**ABOUT THIS EXERCISE:** Each line from the one containing "this 1600×2133 image." through the end of the data must be retyped exactly, and no other line.
[RECORDS SUPPLIED Boundary: Start]
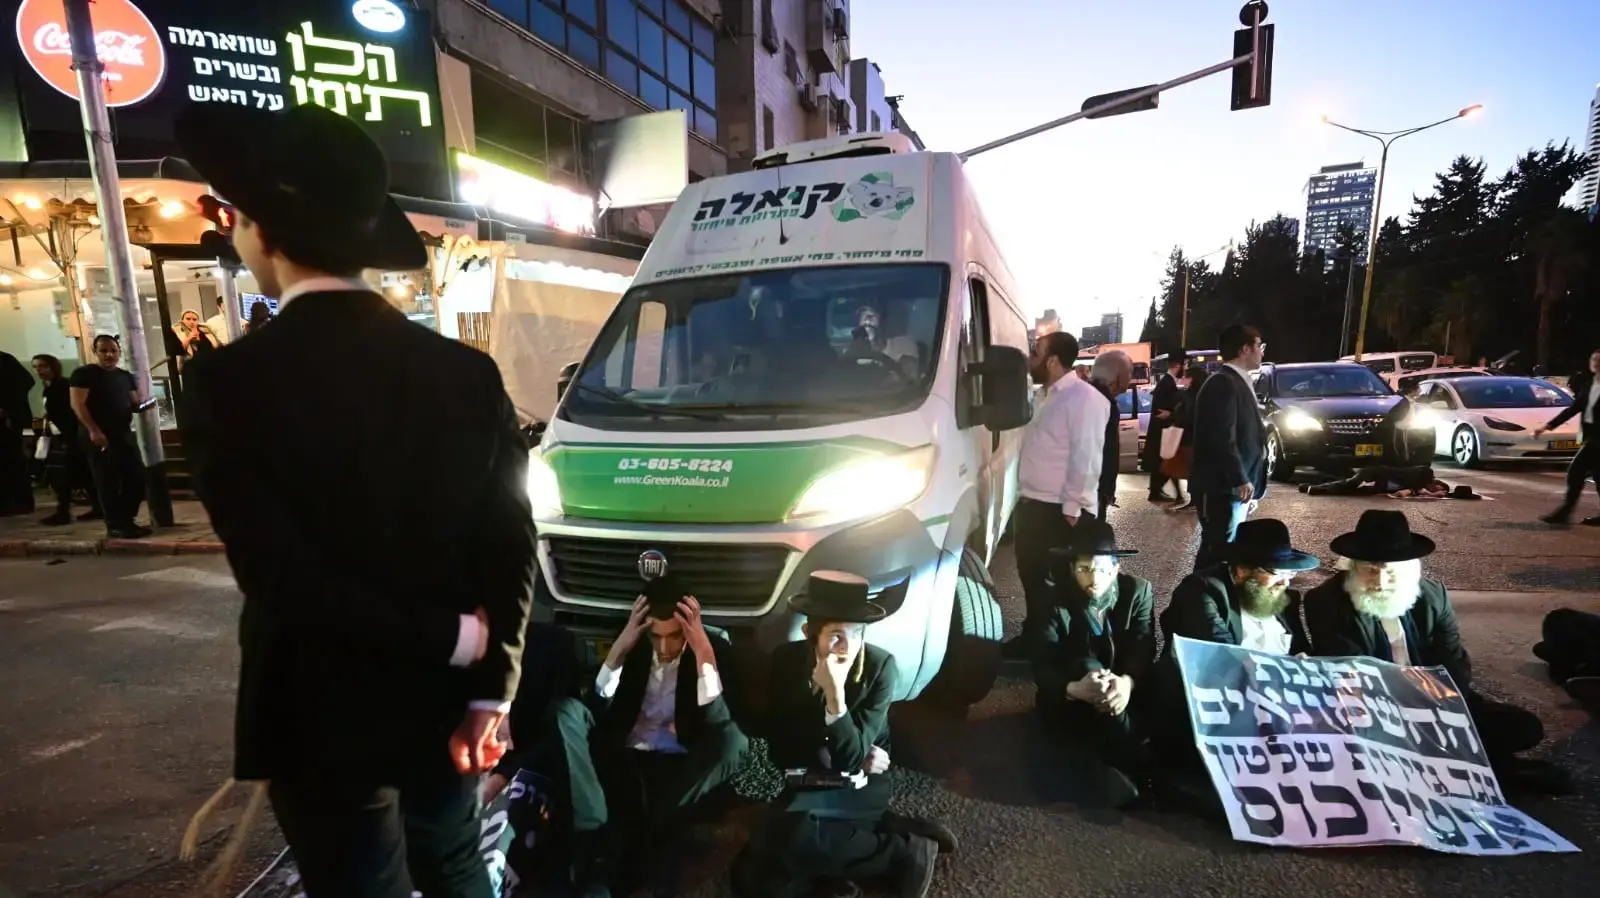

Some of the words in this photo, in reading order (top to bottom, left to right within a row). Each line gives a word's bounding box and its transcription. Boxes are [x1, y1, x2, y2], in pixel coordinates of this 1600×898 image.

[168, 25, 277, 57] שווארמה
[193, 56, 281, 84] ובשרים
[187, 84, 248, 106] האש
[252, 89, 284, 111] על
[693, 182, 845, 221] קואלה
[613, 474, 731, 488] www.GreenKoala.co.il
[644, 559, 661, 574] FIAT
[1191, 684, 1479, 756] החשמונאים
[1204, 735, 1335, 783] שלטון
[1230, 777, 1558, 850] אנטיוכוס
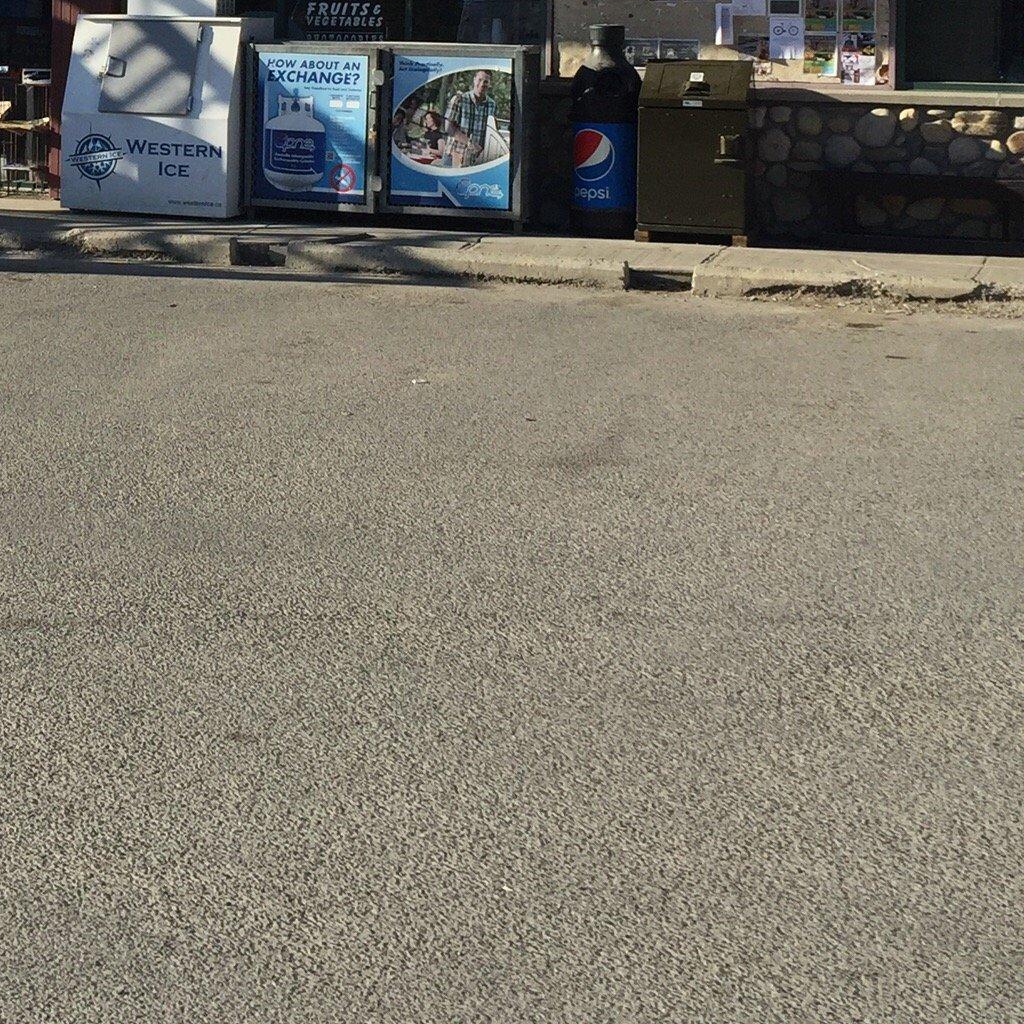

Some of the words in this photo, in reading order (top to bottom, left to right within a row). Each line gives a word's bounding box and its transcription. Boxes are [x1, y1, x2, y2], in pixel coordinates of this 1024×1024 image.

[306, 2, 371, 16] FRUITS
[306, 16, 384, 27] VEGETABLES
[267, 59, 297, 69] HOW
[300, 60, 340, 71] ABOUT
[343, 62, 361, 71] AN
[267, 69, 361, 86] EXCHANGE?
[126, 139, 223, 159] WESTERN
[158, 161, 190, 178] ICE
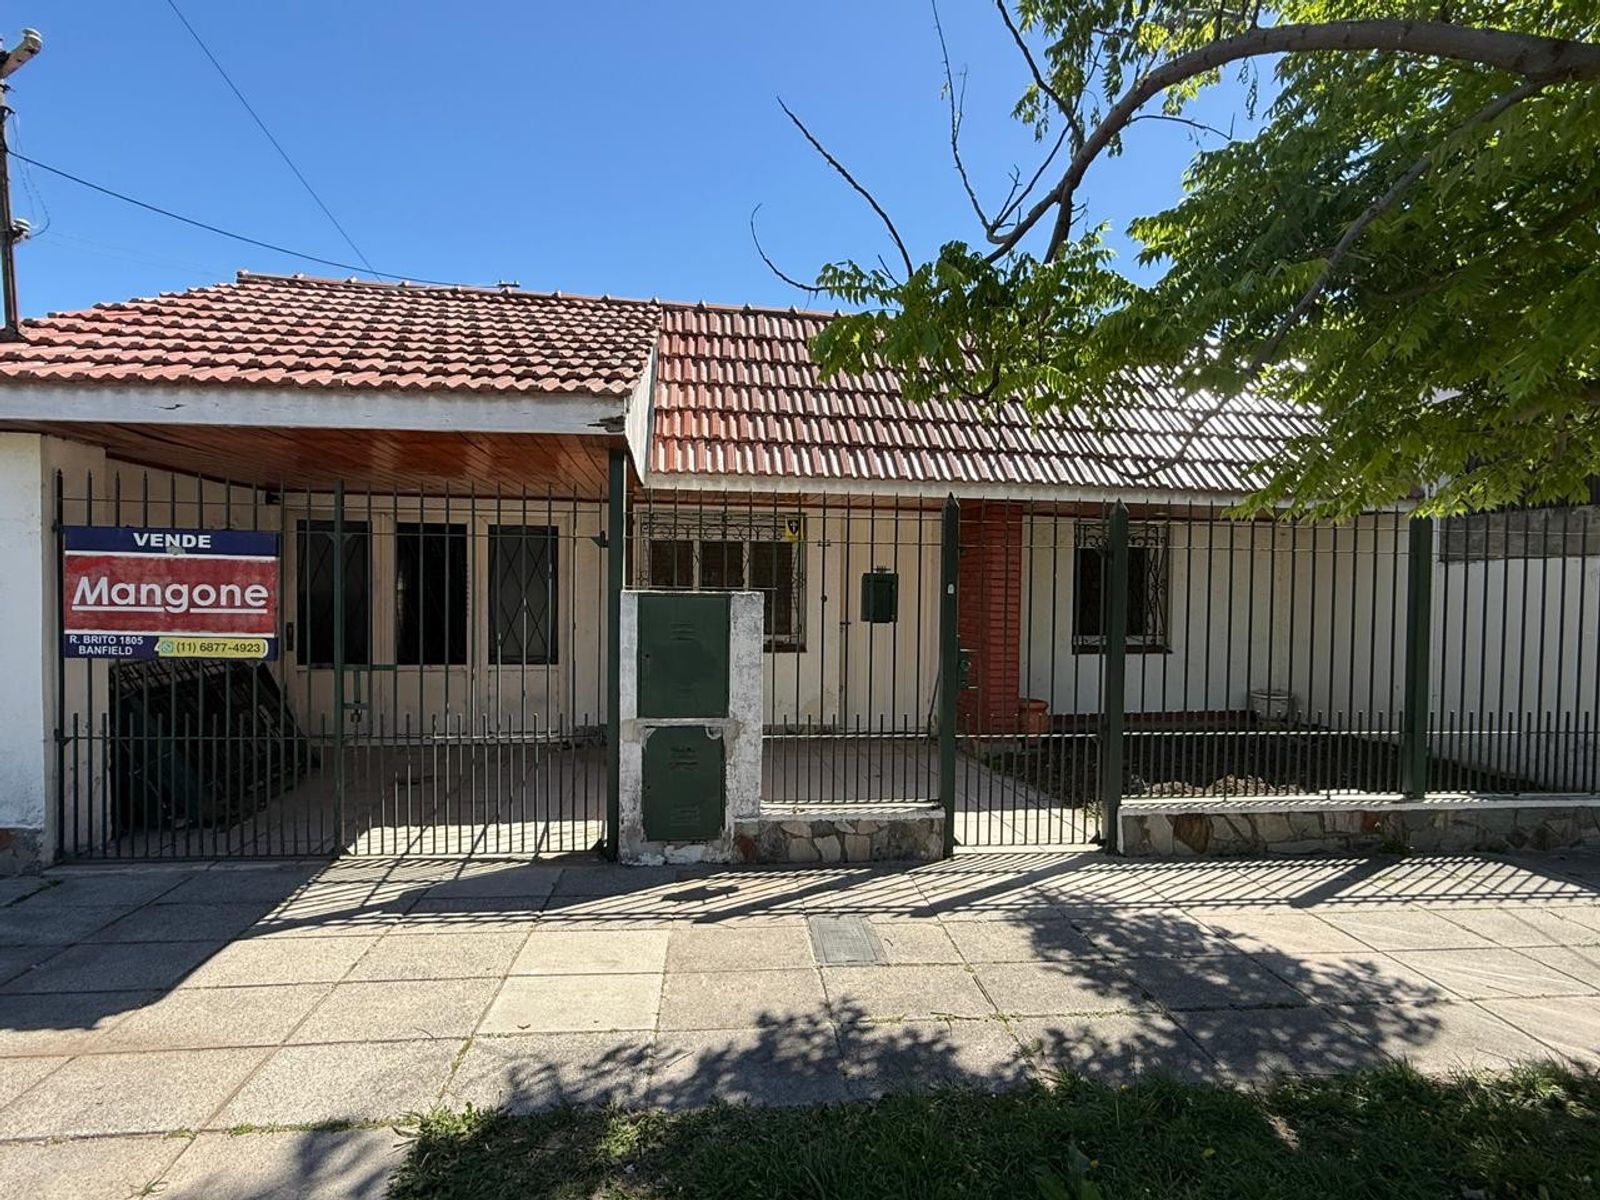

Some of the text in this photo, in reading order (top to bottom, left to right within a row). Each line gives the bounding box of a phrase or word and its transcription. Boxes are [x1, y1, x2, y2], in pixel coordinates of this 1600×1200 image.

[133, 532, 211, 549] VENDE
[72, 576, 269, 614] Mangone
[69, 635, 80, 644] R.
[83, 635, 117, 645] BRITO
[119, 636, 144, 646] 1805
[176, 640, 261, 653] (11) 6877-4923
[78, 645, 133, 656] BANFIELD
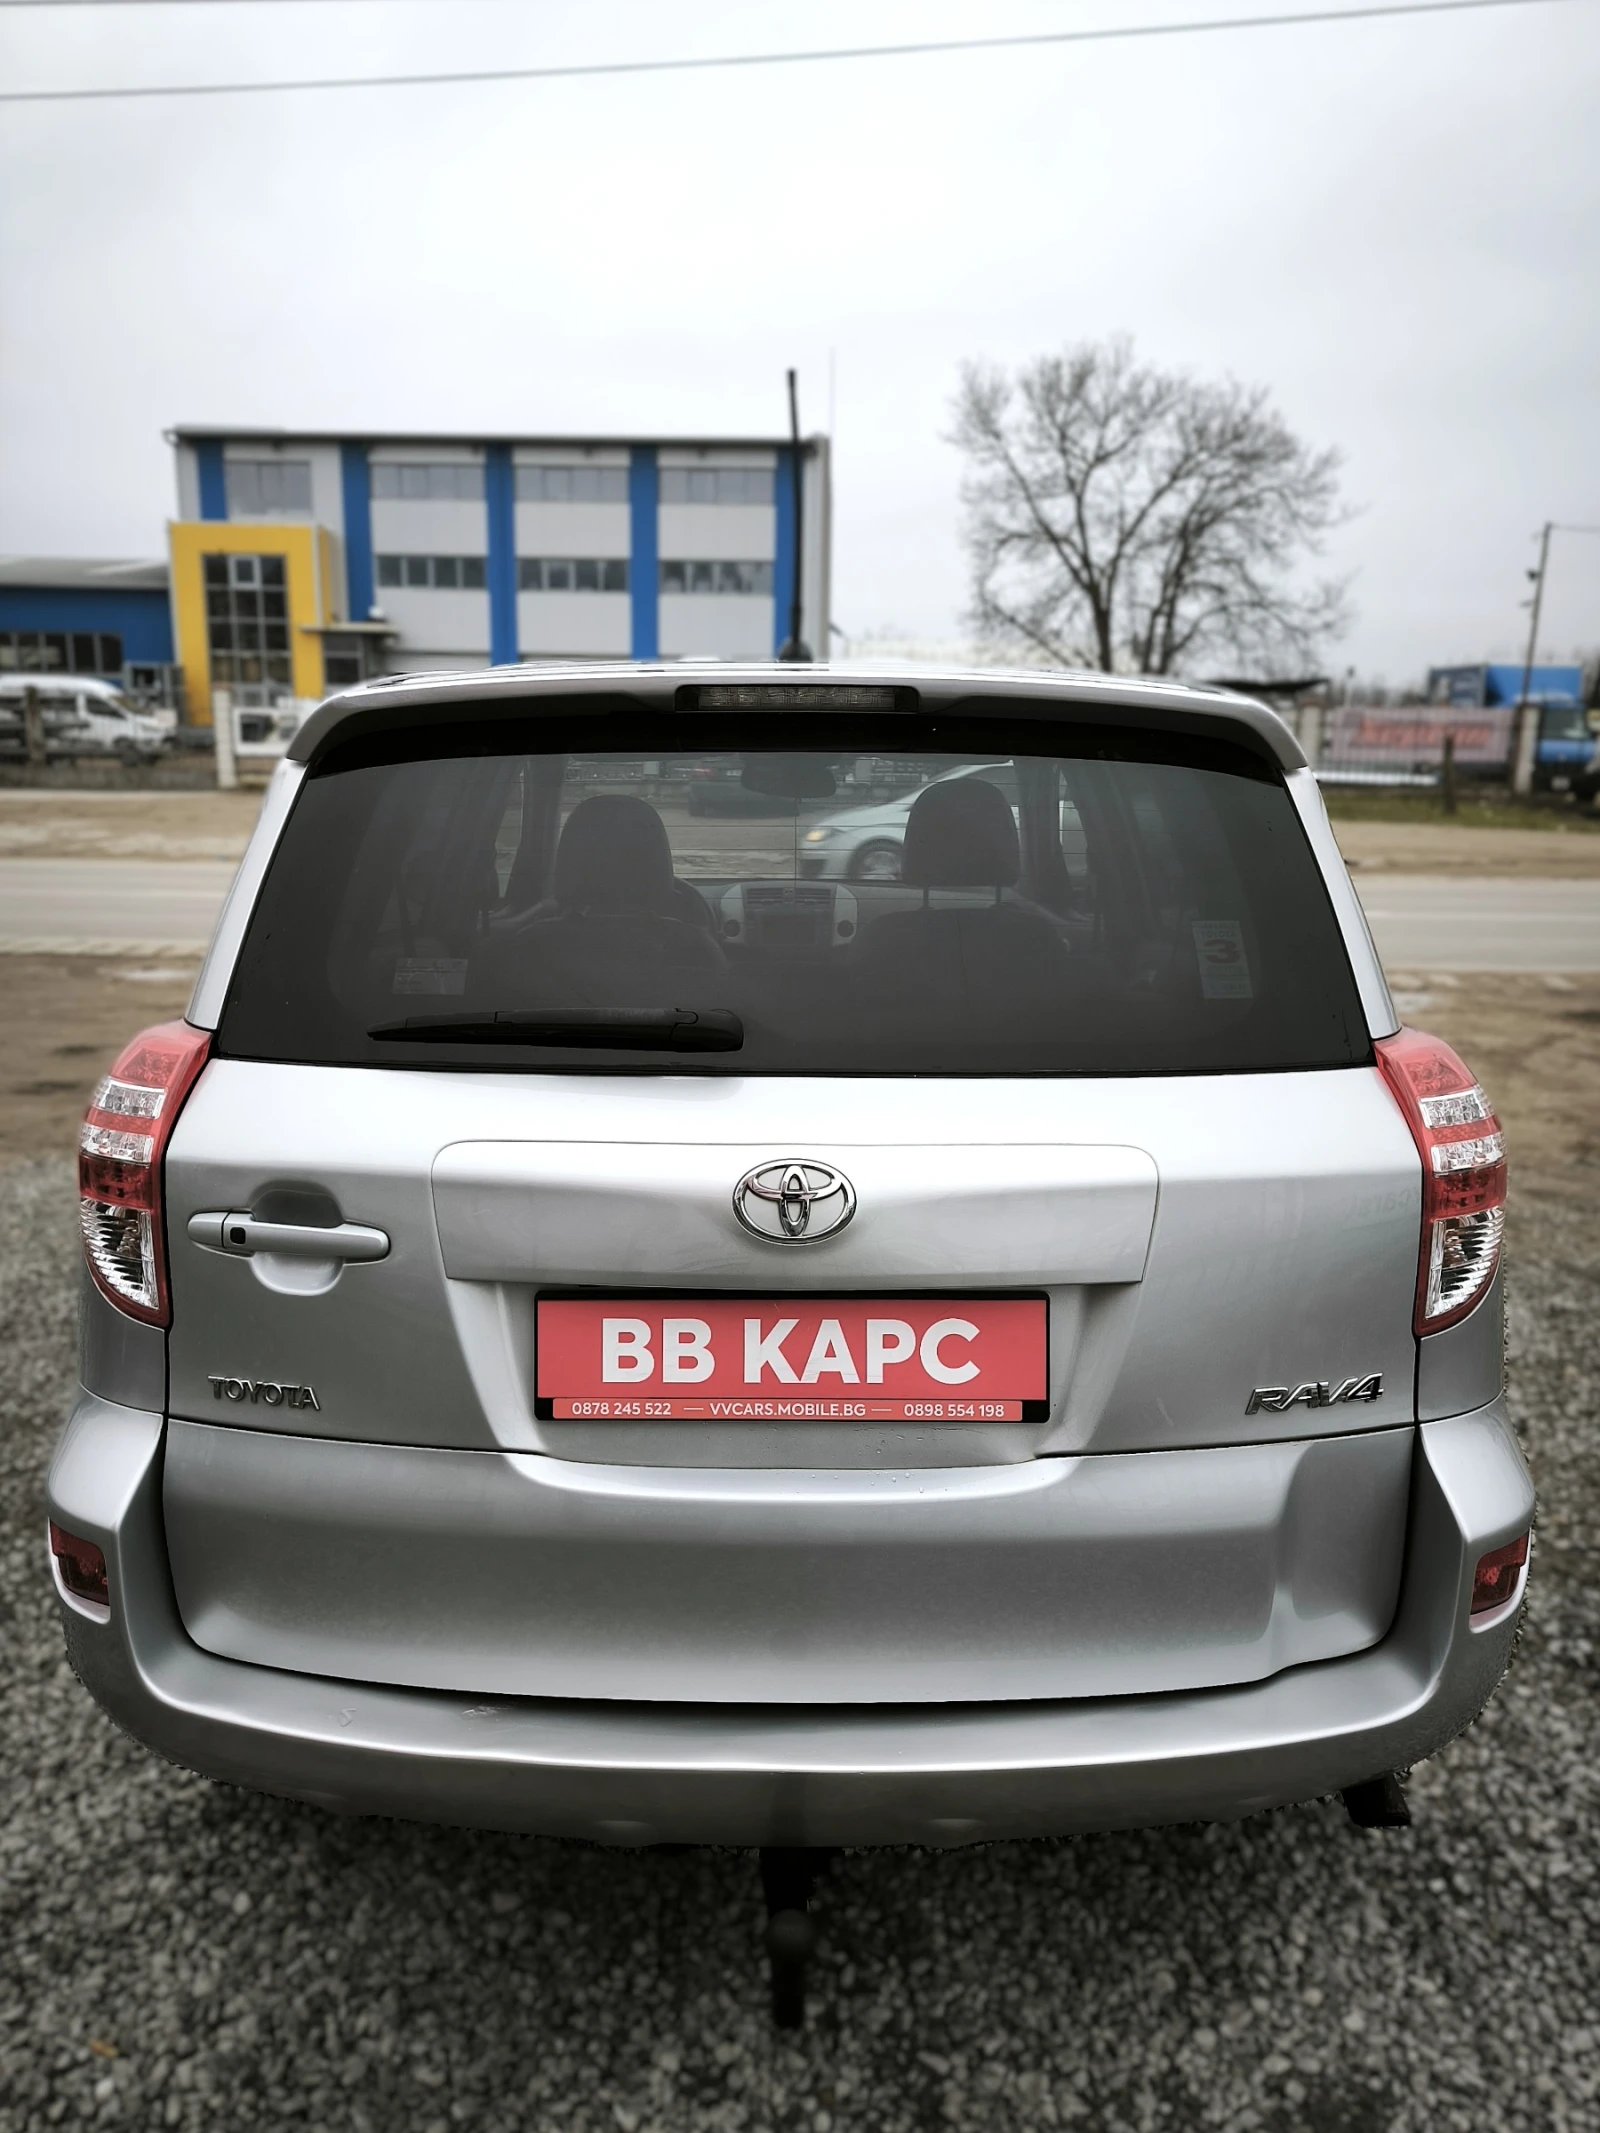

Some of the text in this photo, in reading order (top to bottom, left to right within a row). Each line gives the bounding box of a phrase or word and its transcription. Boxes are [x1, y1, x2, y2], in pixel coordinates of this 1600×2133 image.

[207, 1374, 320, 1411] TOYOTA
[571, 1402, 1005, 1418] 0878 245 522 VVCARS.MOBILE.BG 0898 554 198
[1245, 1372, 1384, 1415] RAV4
[RECORDS SUPPLIED Boundary: End]
**RESPONSE AREA:**
Some of the text in this photo, in reading order (top to bottom, left to right within a row). Each line gives the bounding box of a phrase or word and its transcription. Boxes are [x1, y1, x2, y2], in pixel coordinates of this 1600×2133 image.

[207, 1374, 320, 1411] TOYOTA
[571, 1402, 1005, 1418] 0878 245 522 VVCARS.MOBILE.BG 0898 554 198
[1245, 1372, 1384, 1415] RAV4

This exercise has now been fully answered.